I have mentioned to Elizabeth a few times now that she always seems to catch me when I feel like a hot mess. Julie, one of my brides from last year (the one published in Our Wedding Magazine) seemed to be the one who was always busting me with my proverbial pants down last year.
This year, Elizabeth seems to be stepping into Julie's pretty little shoes.
It started simple enough, you know, a little behind on email here or there. Not being able to schedule this session during my peak season. (But, it was like, peak season!) And then the weird stuff started. Like, you can schedule an appointment on that day, but I might have to drop everything and drive or fly to Utah to shoot the birth of these twins at a moment's notice and either cancel on you or run suddenly out of the room.
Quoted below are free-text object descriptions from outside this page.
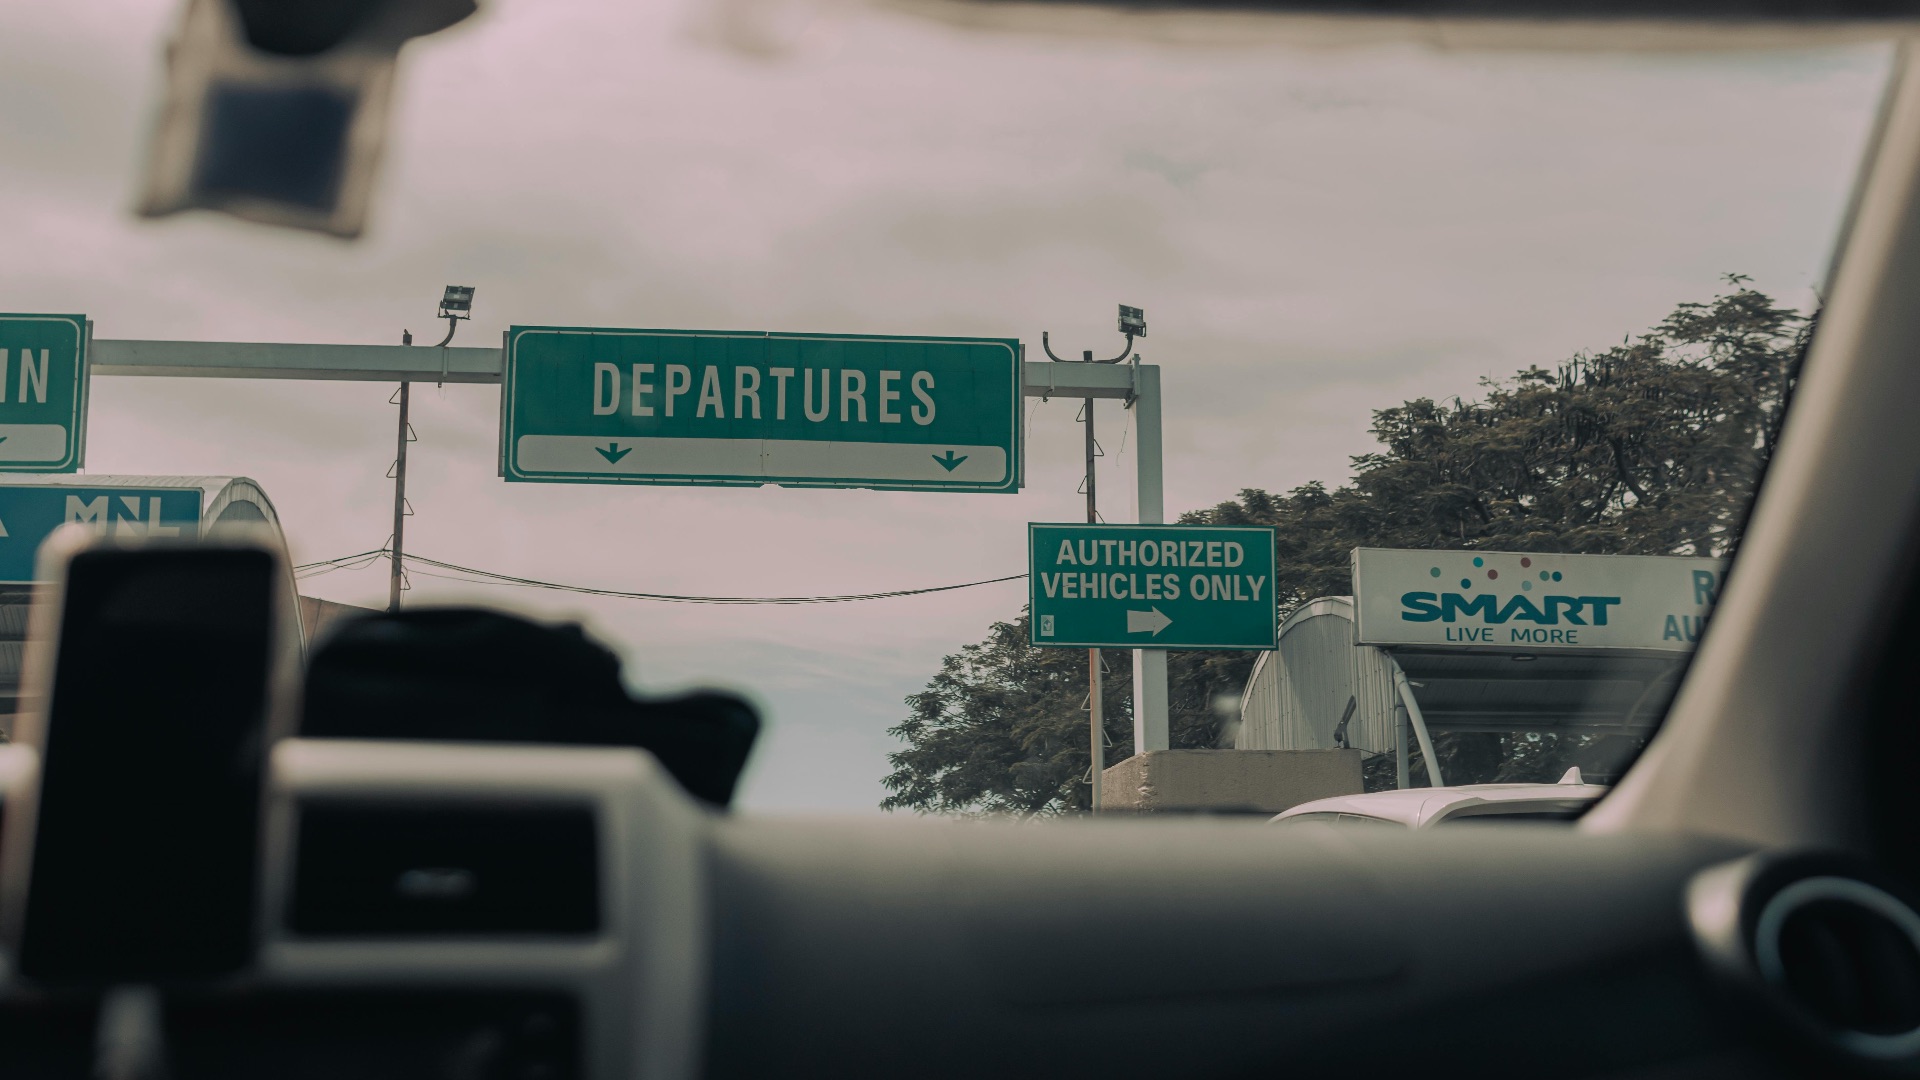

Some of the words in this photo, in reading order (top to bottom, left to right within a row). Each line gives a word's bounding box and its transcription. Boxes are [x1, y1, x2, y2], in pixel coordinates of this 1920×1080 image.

[592, 361, 937, 427] DEPARTURES
[64, 494, 181, 538] MNL
[1056, 539, 1245, 568] AUTHORIZED
[1041, 572, 1181, 600] VEHICLES
[1189, 574, 1266, 602] ONLY
[1400, 590, 1621, 626] SMART
[1445, 627, 1494, 643] LIVE
[1511, 628, 1579, 645] MORE
[1663, 614, 1710, 643] AU
Or, I had to park behind two guys who I swear were stuffing a body in the trunk wrapped in an army bag before I came up to see you and I'm a little weirded out...
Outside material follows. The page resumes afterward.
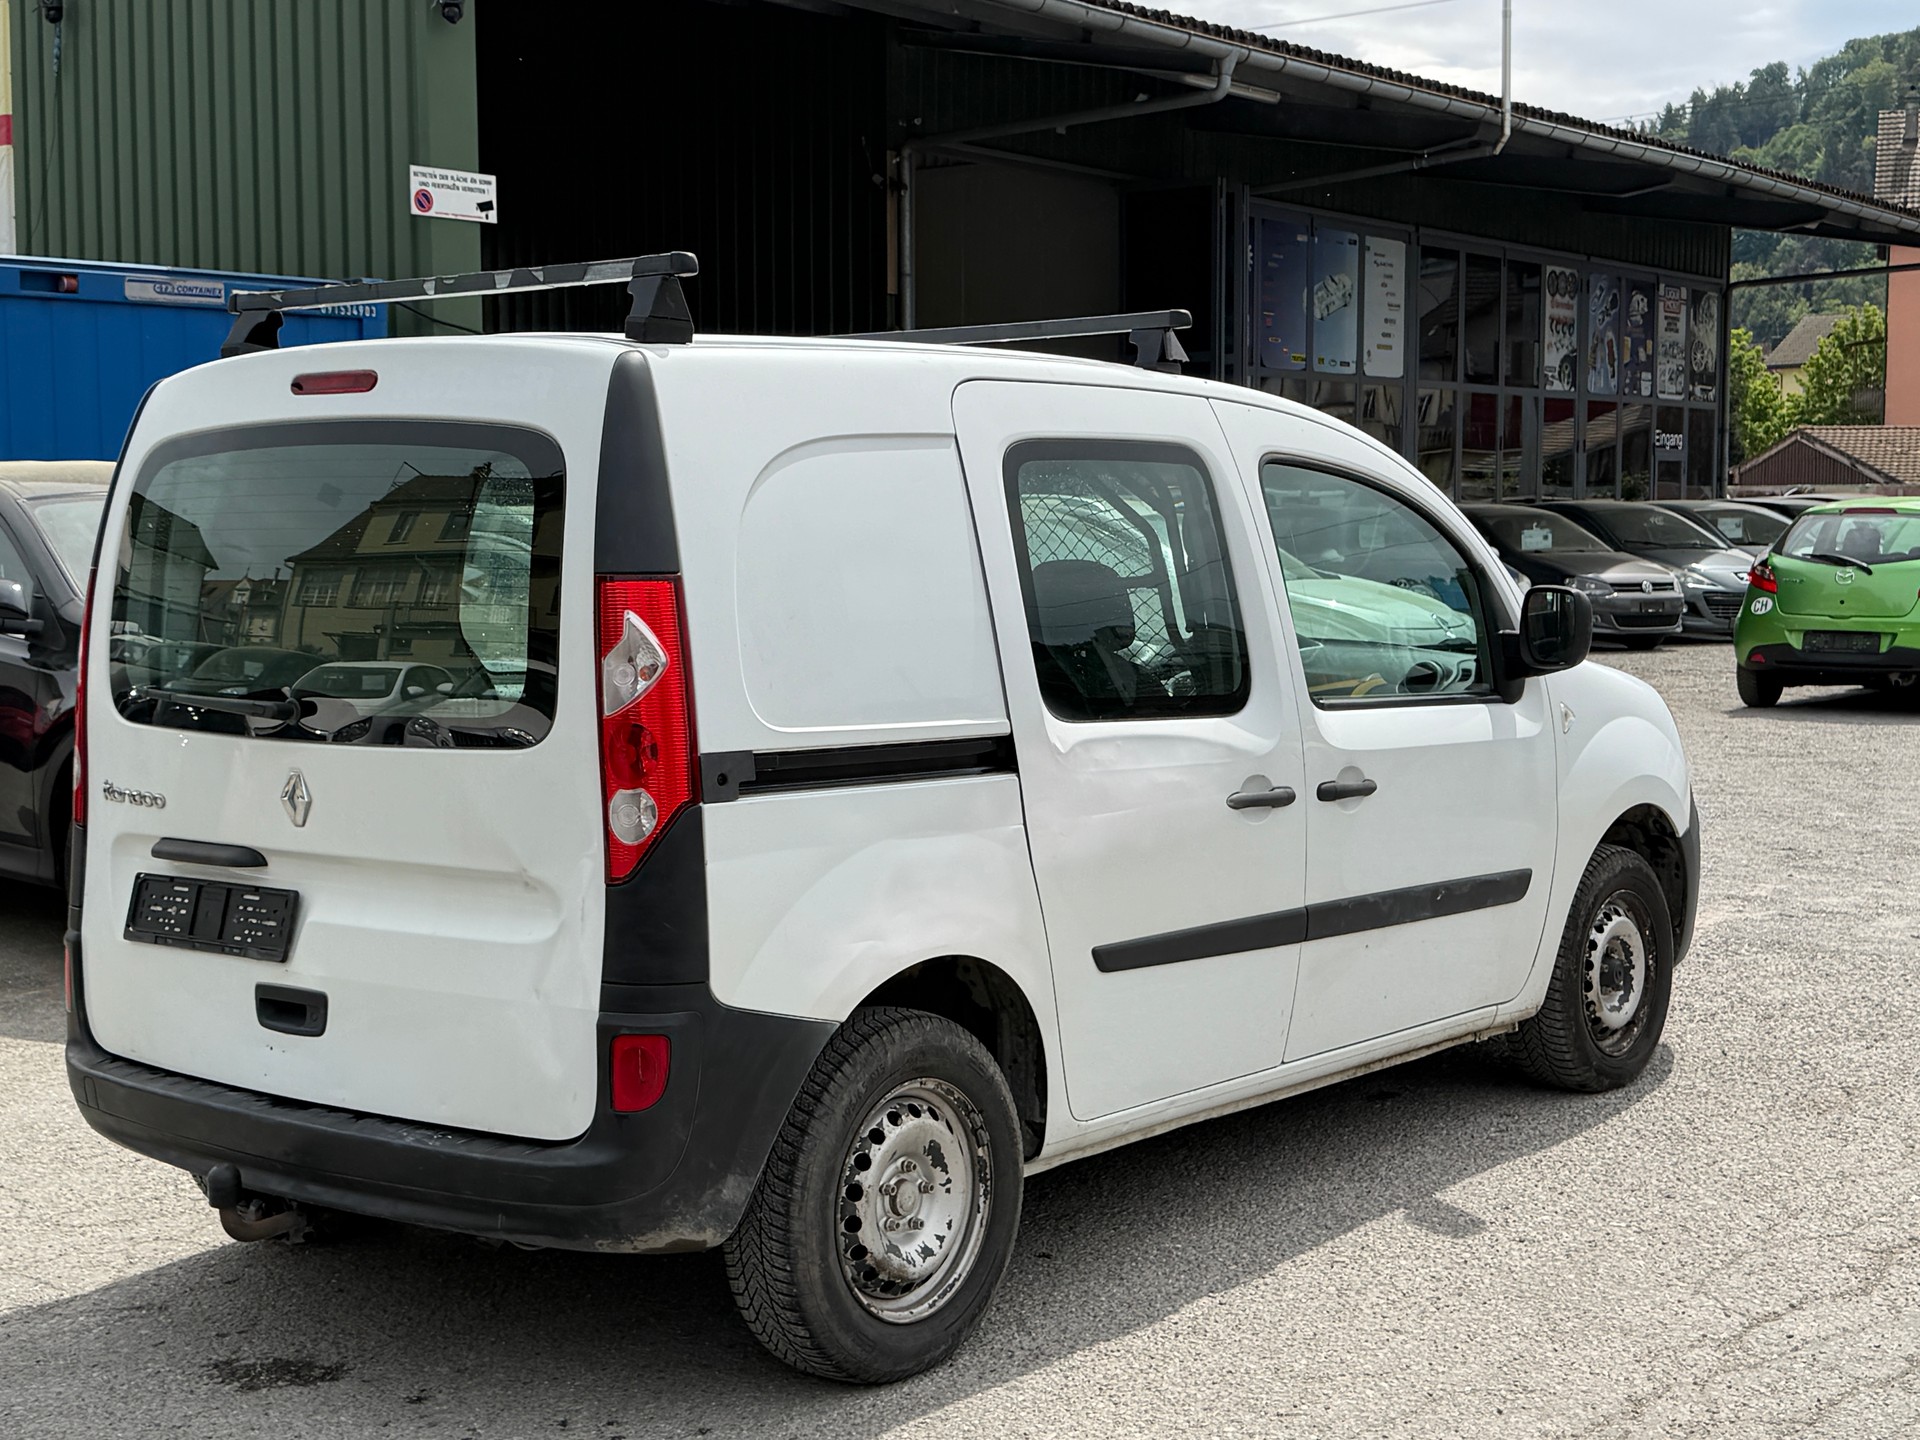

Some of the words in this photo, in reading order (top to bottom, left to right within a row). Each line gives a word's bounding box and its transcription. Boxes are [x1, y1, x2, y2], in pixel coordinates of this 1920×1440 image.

[176, 285, 223, 297] CONTAINEX
[1654, 429, 1684, 451] Eingang
[1753, 599, 1769, 613] CH
Then when we started trying to schedule the engagement session, my main computer's motherboard decided to die (at the ripe old age of six months) and I was about to leave for just about a month of traveling and shooting and would almost be completely unable to work or communicate unless I manage to figure out how to stuff a full size computer monitor into my carry on baggage at the airport so I could use my back up computer, which is another broken laptop with a screen that doesn't work. (The system board on this one is dead. It's not the integrater or whatever that $30 part was we replaced in it.) Excellent.
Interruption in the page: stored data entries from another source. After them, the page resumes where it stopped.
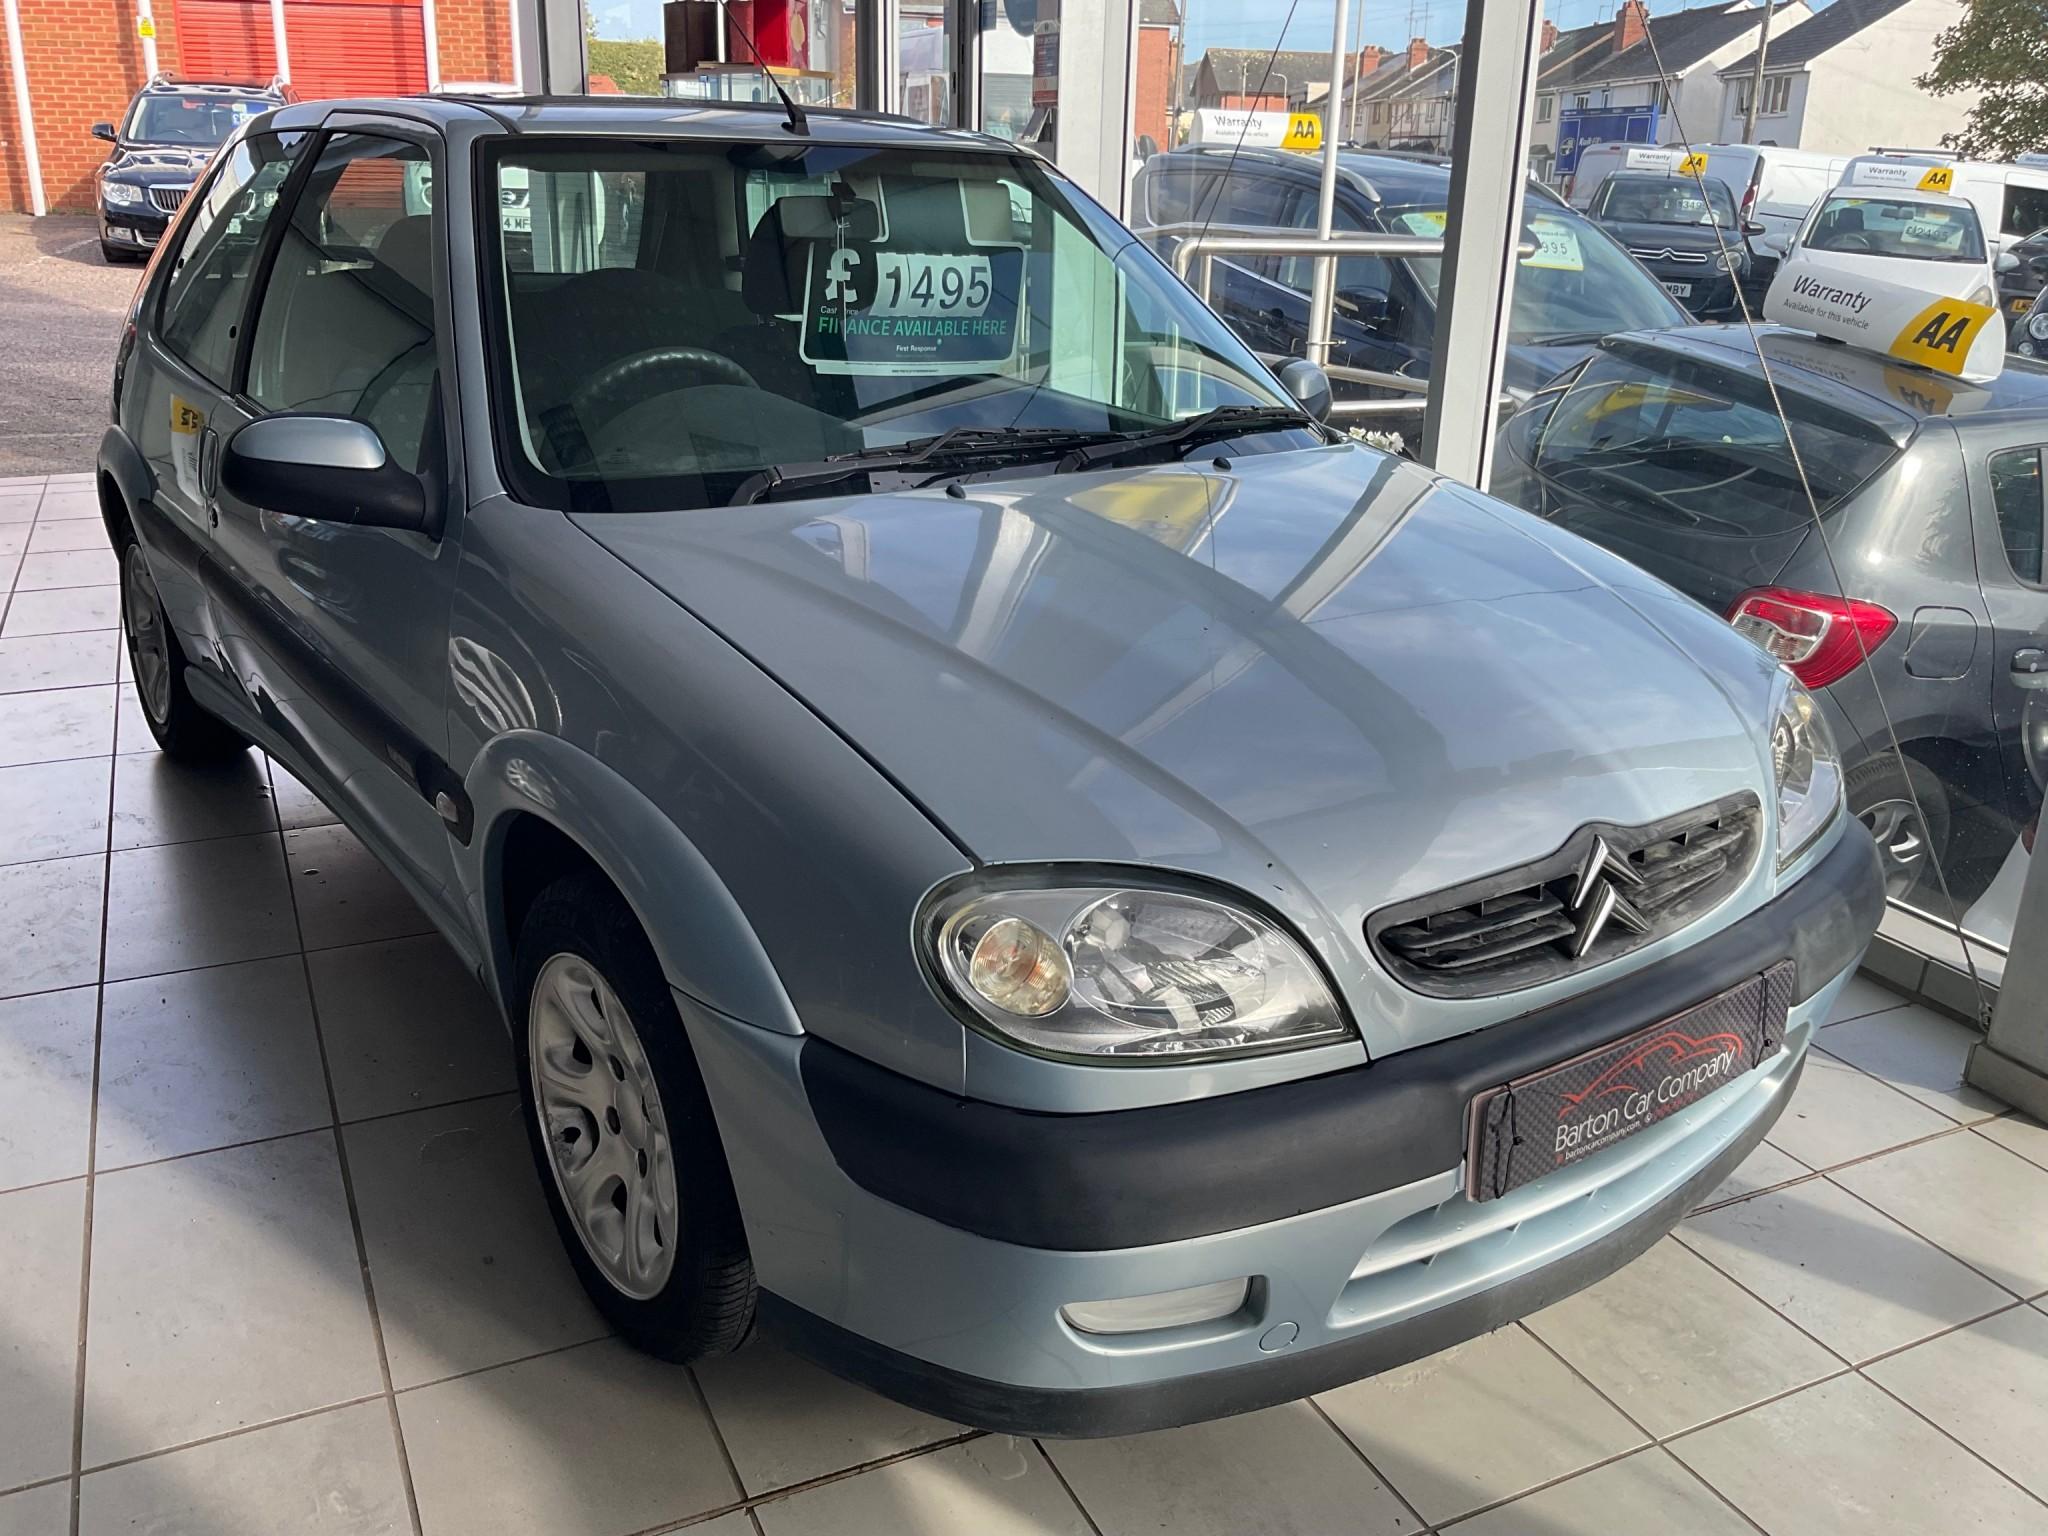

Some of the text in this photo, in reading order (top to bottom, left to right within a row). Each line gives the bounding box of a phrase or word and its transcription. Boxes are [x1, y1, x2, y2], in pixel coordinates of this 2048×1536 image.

[1214, 115, 1262, 130] Warranty
[1294, 120, 1315, 139] AA
[1638, 153, 1671, 161] Warranty
[1868, 166, 1908, 177] Warranty
[1928, 172, 1948, 185] AA
[825, 249, 990, 310] £ 1495
[1793, 274, 1872, 314] Warranty
[1783, 298, 1870, 330] Available for this vehicle
[893, 319, 970, 337] AVAILABLE
[972, 320, 1008, 336] HERE
[1911, 312, 1971, 354] AA
[896, 344, 938, 354] First Response
[1555, 1107, 1619, 1153] Barton
[1623, 1089, 1655, 1119] Car
[1657, 1047, 1736, 1103] Company
[1565, 1119, 1641, 1160] bartoncarcompany.com
We made it through that, and it was time for the engagement session. I was so pleased with myself. I had everything charged and ready to go, bags packed and I was going to prove to myself that I was not a hot mess after all. I just wanted to touch up my roots before I went to bed. (Being a REAL red head I didn't want Liz to see me going all fakey with my real Auburn roots showing!) So I touch up, stick a towel on my head, and as I'm about to hop into bed, decide to do a quick blow dry.
That's when I realized I was now Bozo the Clown's new sidekick.
F@*$!
APPARENTLY, I grabbed the wrong unlabeled bottle I had left laying around my bathroom and my roots were now FLAMING ORANGE with GIANT SPLOTCHES in RANDOM PLACES all over my FREAKING HEAD. I looked like I had tiger stripes.
HOT MESS, HOT MESS, HOT MESS.
It is now 2am. I have to leave here at 5am. Do I go to the session and laugh it off or do I run to the 24 hour WalMart and try and dye it out?
I picked door number 2.
When I got out of the shower the SECOND time, my entire head was orangier than Carrot-Top. AND I HAD USED DARK BROWN DYE.
I cried.
But, I guess it was some kind of optical illusion or reflection or dye on my scalp or something because when I blow dried it, it turned brown.
PHEW.
So I went to bed at 430am. Of course I was too anxious to sleep. I was up and out the door before 5am.
I got to the Financial District in SF early, and puttered around at a meter before deciding the three previous parking tickets I gotten in the city wouldn't be worth repeating and found a parking garage.
And the trouble began again.
I lost my keys IN THE CAR.
Seriously. (I know I had them to drive there!)
It took me 10 minutes to find them. (Between the seats.)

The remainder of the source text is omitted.